*Task*. Whatever runs from the line with "this 1997×1496 image." to the end of the records below must be copied exactly, with nothing else included.

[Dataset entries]
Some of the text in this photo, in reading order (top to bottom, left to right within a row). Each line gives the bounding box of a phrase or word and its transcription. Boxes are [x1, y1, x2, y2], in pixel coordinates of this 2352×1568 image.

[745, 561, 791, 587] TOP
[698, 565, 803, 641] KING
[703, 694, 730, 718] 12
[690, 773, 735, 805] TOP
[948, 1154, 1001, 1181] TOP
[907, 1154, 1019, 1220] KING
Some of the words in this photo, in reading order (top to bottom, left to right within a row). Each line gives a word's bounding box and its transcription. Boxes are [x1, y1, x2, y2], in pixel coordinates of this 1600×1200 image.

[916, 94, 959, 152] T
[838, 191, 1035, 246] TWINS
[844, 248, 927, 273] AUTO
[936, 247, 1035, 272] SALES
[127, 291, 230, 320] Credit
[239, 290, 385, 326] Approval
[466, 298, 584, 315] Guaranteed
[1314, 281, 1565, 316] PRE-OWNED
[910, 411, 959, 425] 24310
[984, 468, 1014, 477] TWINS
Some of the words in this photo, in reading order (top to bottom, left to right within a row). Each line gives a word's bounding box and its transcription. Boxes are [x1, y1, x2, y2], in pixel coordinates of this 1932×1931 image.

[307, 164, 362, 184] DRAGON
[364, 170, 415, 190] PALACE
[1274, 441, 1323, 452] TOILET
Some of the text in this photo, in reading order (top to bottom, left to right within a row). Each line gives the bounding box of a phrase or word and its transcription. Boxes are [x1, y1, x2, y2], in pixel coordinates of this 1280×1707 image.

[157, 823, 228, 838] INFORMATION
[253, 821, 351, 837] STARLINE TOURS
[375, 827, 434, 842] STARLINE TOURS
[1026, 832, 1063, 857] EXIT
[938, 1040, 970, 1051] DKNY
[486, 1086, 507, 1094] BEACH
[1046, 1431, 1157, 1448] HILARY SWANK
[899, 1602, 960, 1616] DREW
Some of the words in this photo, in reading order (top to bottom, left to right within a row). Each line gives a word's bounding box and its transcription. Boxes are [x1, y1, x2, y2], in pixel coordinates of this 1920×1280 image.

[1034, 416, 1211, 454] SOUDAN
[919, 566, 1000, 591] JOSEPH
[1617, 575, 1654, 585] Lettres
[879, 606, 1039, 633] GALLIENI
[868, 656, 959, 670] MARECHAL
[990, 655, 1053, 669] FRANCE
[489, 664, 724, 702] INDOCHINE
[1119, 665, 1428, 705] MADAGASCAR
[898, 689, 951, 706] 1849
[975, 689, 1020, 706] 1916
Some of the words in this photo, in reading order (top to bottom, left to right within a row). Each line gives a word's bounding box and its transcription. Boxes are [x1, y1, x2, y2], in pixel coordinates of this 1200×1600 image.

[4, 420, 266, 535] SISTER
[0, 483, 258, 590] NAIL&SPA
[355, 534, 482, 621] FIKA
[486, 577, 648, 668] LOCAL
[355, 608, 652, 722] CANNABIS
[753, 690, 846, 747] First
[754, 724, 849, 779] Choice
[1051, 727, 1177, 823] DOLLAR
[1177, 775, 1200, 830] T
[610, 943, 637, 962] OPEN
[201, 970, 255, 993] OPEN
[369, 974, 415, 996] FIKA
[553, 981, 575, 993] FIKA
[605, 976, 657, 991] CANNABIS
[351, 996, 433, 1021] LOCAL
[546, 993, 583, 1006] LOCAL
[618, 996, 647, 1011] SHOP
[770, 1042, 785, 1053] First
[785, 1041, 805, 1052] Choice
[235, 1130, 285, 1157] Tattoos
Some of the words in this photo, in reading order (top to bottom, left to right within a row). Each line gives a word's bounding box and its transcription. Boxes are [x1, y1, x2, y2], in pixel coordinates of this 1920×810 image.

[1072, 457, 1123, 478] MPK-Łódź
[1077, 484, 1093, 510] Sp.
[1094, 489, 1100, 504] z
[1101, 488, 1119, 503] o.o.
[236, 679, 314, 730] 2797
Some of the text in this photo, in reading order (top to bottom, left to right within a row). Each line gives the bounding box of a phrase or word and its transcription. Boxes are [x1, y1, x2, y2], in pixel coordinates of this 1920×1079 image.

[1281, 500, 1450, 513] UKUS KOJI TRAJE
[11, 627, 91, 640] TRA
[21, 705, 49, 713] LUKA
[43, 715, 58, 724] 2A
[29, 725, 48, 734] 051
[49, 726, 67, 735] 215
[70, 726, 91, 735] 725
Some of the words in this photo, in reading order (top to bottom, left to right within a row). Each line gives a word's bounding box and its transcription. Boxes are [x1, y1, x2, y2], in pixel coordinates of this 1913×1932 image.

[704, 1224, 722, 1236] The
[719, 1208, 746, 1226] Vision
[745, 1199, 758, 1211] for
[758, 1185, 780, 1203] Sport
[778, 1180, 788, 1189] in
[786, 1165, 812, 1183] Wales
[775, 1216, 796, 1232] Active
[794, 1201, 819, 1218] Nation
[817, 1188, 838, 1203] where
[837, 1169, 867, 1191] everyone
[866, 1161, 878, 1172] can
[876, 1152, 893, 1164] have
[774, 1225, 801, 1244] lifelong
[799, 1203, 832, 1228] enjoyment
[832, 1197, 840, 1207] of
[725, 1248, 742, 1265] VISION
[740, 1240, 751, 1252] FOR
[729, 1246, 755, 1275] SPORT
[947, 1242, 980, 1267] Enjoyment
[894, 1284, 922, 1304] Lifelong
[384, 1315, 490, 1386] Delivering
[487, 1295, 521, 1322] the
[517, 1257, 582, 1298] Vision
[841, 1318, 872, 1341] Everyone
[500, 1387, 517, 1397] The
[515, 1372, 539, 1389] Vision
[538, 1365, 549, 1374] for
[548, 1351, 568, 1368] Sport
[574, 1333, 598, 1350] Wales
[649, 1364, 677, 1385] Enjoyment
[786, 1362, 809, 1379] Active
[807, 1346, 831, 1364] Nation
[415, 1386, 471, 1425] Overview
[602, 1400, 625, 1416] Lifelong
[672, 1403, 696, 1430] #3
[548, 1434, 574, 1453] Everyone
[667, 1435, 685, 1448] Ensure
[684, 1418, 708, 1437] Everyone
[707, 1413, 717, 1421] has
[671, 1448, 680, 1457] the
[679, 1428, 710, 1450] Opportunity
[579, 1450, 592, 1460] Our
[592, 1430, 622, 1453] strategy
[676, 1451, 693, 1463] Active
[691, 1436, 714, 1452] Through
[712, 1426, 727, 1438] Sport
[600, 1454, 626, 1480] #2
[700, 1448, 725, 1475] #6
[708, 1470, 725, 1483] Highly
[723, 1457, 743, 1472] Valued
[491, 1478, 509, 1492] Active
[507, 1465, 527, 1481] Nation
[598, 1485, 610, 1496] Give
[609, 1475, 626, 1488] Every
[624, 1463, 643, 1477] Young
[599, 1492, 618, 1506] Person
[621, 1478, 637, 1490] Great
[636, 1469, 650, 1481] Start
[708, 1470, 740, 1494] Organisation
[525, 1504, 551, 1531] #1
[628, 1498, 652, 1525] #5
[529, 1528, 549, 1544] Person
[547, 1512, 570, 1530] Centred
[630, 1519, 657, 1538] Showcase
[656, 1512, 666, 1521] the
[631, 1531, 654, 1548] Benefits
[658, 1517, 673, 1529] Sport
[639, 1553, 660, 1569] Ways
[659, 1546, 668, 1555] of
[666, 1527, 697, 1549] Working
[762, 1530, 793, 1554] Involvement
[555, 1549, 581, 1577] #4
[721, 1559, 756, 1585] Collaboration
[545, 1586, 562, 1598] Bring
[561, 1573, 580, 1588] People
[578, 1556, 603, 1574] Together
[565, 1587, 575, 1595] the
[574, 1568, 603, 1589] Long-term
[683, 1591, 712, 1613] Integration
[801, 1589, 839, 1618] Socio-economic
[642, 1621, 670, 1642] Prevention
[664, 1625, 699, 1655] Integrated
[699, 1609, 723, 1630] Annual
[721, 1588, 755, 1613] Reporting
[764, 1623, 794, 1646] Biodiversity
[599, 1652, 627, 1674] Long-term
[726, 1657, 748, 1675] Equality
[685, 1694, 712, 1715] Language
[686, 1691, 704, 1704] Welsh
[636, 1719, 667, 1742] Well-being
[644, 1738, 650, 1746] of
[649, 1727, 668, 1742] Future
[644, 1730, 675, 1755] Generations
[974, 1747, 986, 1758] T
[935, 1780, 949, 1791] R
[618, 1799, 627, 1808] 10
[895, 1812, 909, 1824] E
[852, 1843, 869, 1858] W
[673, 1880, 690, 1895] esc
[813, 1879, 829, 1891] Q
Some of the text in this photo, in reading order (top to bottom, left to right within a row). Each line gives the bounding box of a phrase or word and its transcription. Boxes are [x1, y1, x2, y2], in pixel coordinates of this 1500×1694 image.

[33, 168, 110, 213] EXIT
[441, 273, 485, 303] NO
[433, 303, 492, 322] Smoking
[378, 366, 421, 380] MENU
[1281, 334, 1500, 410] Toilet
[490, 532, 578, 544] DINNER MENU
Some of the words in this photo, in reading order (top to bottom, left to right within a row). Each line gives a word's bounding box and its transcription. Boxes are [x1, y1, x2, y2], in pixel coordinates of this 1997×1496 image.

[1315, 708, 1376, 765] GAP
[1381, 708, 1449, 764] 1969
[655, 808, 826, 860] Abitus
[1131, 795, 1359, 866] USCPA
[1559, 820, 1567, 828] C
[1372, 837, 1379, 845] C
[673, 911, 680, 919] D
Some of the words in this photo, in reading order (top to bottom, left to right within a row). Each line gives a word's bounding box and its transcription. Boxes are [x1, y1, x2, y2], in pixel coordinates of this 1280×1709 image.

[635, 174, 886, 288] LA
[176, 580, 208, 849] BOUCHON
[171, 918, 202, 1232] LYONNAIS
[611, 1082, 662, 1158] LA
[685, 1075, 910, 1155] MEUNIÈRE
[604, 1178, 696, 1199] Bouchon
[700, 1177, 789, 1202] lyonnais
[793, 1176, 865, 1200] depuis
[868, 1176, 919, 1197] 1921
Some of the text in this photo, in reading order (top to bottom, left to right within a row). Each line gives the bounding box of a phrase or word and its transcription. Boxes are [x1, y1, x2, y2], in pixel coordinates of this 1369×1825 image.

*Written solution*.
Some of the words in this photo, in reading order (top to bottom, left to right within a row). Each line gives a word's bounding box and its transcription. Boxes are [x1, y1, x2, y2], in pixel coordinates of this 1997×1496 image.

[1315, 708, 1376, 765] GAP
[1381, 708, 1449, 764] 1969
[655, 808, 826, 860] Abitus
[1131, 795, 1359, 866] USCPA
[1559, 820, 1567, 828] C
[1372, 837, 1379, 845] C
[673, 911, 680, 919] D
Some of the words in this photo, in reading order (top to bottom, left to right within a row). Each line gives a word's bounding box and its transcription. Boxes are [x1, y1, x2, y2], in pixel coordinates of this 1280×1709 image.

[635, 174, 886, 288] LA
[176, 580, 208, 849] BOUCHON
[171, 918, 202, 1232] LYONNAIS
[611, 1082, 662, 1158] LA
[685, 1075, 910, 1155] MEUNIÈRE
[604, 1178, 696, 1199] Bouchon
[700, 1177, 789, 1202] lyonnais
[793, 1176, 865, 1200] depuis
[868, 1176, 919, 1197] 1921
Some of the text in this photo, in reading order (top to bottom, left to right within a row). Each line gives the bounding box of a phrase or word and its transcription. Boxes are [x1, y1, x2, y2], in pixel coordinates of this 1369×1825 image.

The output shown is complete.